桃色溺愛婚 〜強面御曹司は強情妻を溺愛し過ぎて止まらない〜
匡介さんはそんなに簡単に言うけれど、私はそんな気楽に考えることは出来ない。仕事を頑張っているのは匡介さんで、私は彼の用意してくれた家でのんびりしているだけ。
せめて何かの役に立てていれば、少しくらいの我儘は許されるのかもしれないけれど。
「杏凛は難しく考えすぎだ。君がもっと使いたいというのならば、俺が仕事を増やせばいいことなんだぞ」
「冗談はやめて? 私は匡介さんにそんな事望んでませんから」
彼が言うと本気なのか、そうでないのかの区別もつかない。鏡谷コンツェルンの次期社長でもある彼の仕事量は少なくはないはず、それなのに匡介さんはこんな事を当たり前のように口にしてくる。

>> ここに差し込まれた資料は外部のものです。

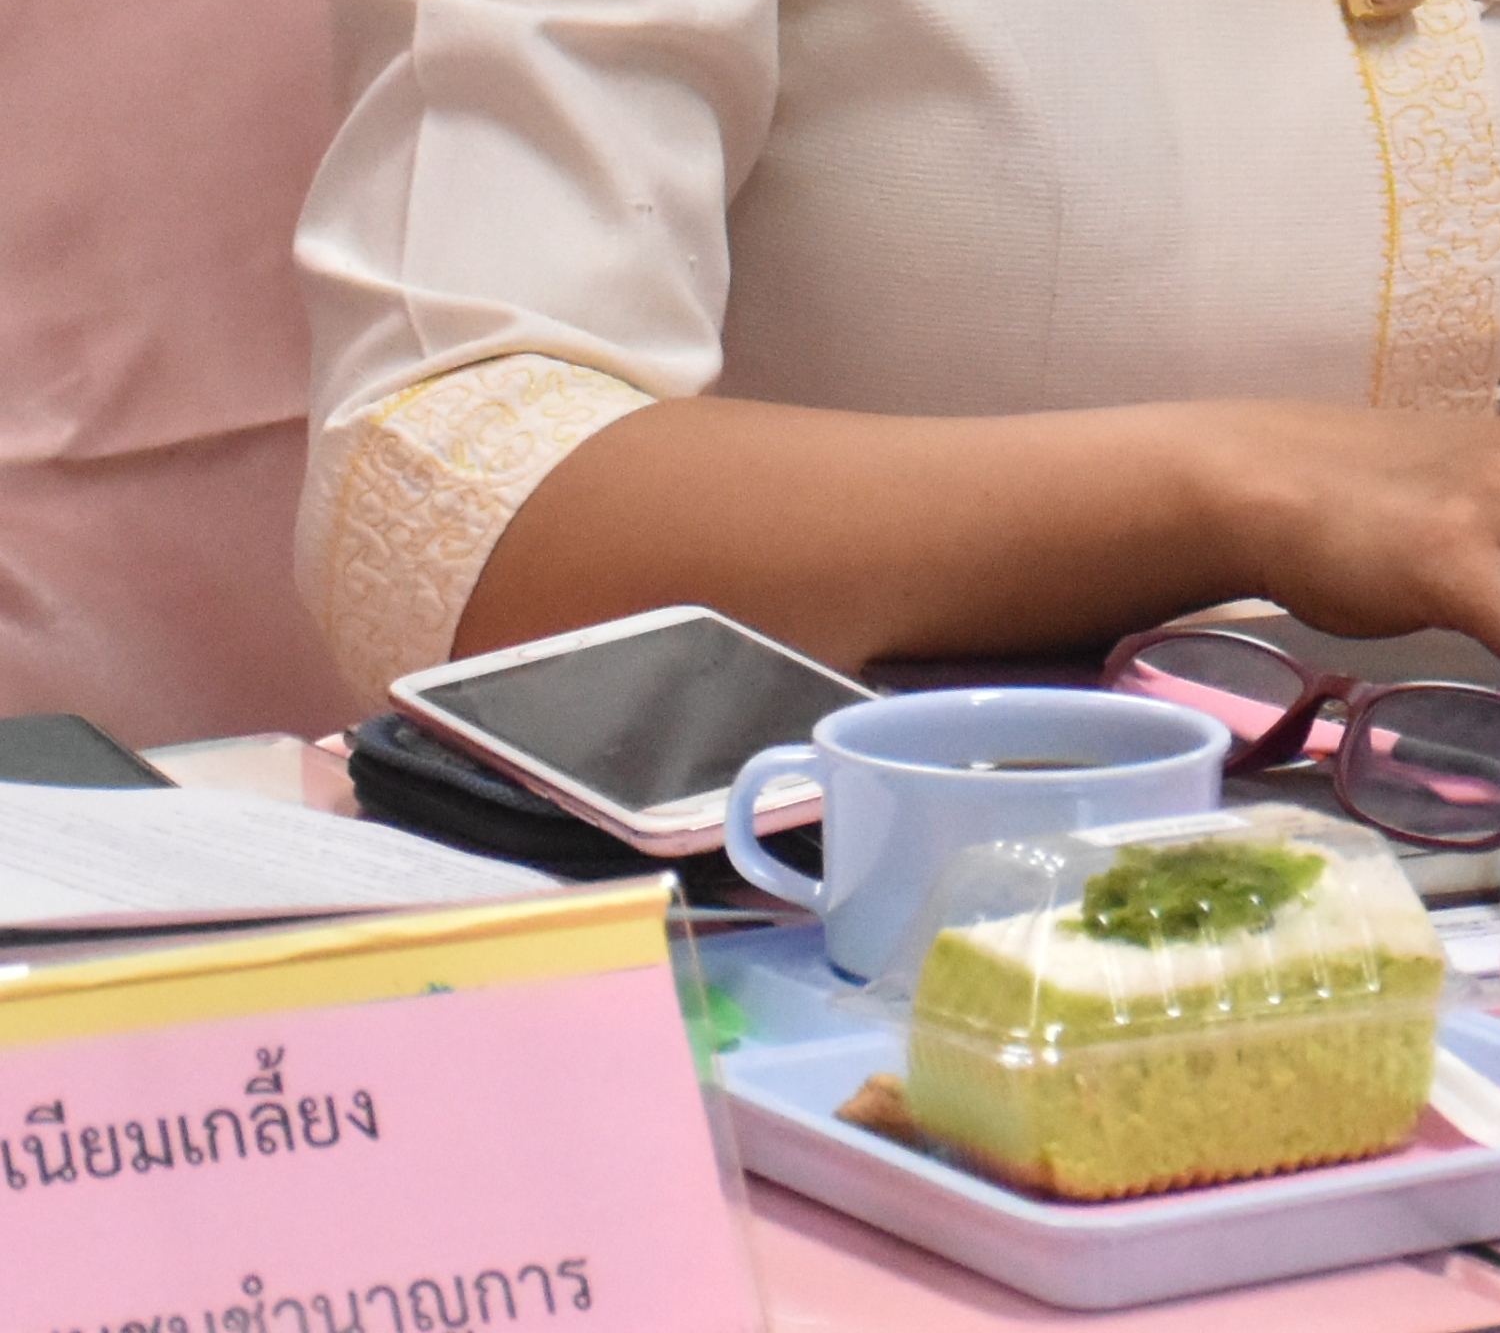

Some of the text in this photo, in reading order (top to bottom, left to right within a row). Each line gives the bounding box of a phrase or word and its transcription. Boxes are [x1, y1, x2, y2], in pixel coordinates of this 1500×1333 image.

[0, 1045, 380, 1190] เนียมเกลี้ยง
[50, 1257, 592, 1333] ชำนาญการ

私が匡介さんにして欲しいのはそんな事じゃないのに、この心の中は少しも彼には伝わらない。
「やはり君は優しいな……」
しみじみとそんな事を言う匡介さんは、どこかズレてるのではないかと思ってしまう。両親からはずっと、仕事もバリバリできる有能な人だと聞いていたのだけど。
「私は優しくなんて……」
「優しいさ、杏凛は。子供の頃からずっと」
ふっと彼の口角が僅かに上がった事に気付く。それだけで強面の彼がずっと柔らかな雰囲気になるにだと知った。
……いま、彼は何を想像して微笑んだの? もしかして小さい頃の私だったり、なんて考えて首を振る。
そんなはずはない、私はずっと匡介さんに睨まれていたのだから。